Rationale: The prediction score of 50.00% at rank 1,128,519 represents the absolute minimum confidence level in the TxGNN model — there is no meaningful predictive signal linking dornase alfa to ovarian melanoma. Combined with the absence of any supporting clinical or preclinical literature, and the questionable status of “ovarian melanoma” as a well-defined disease entity in the knowledge graph, this candidate does not meet the threshold for further evaluation at this time.

Broader context from this prediction set: Of the 10 top-ranked predictions returned for this drug, all share the same minimum score (0.5) and similar high rank numbers, suggesting the TxGNN model has difficulty generating high-confidence novel predictions for dornase alfa beyond its established indication. The most biologically plausible candidate in this set is Ethmoid Sinusitis (rank 3), where dornase alfa’s mucolytic mechanism has a credible mechanistic rationale in CF-associated chronic rhinosinusitis, supported by one indirect review publication (PMID 27393775). This direction warrants a separate focused evidence review.

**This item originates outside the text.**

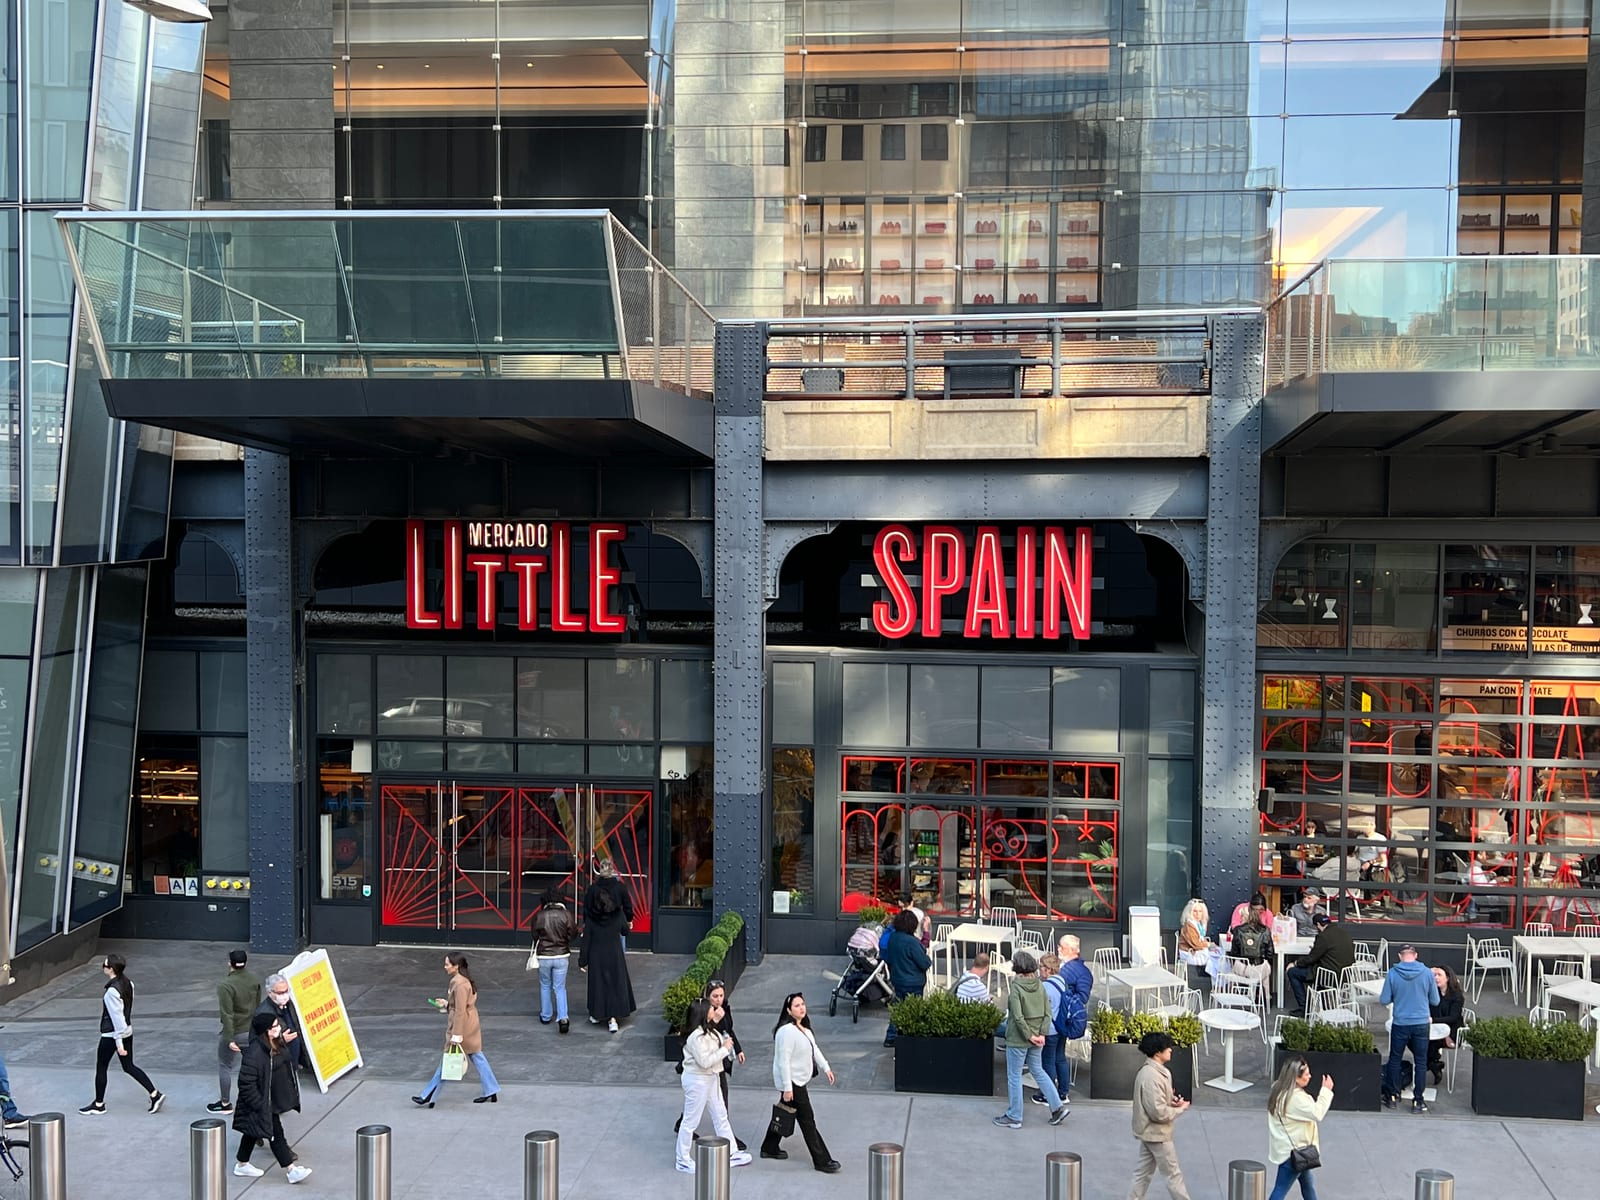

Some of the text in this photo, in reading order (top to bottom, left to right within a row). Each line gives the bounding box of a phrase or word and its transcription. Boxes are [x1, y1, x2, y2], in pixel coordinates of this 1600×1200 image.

To proceed with any further evaluation, the following would be needed:

  • Confirmation that “ovarian melanoma” is a well-characterised, clinically recognised disease entity (not a knowledge graph artefact)
  • Preclinical evidence establishing a biological link between the eDNA/DNase pathway and ovarian melanoma pathophysiology
  • A coherent mechanistic hypothesis grounded in published tumour biology or immunology literature
  • TGA Special Access Scheme approval and a treating specialist willing to act as Authorised Prescriber, should clinical use ever be contemplated
  • Full safety and drug interaction review against a validated prescribing information document (FDA or EMA)

This report is generated for research purposes only and does not constitute medical advice. All drug repurposing candidates require rigorous clinical validation before any therapeutic application. This report reflects data available as of 4 April 2026.

Disclaimer

This content is for research purposes only and does not constitute medical advice. Clinical validation is required before any clinical application.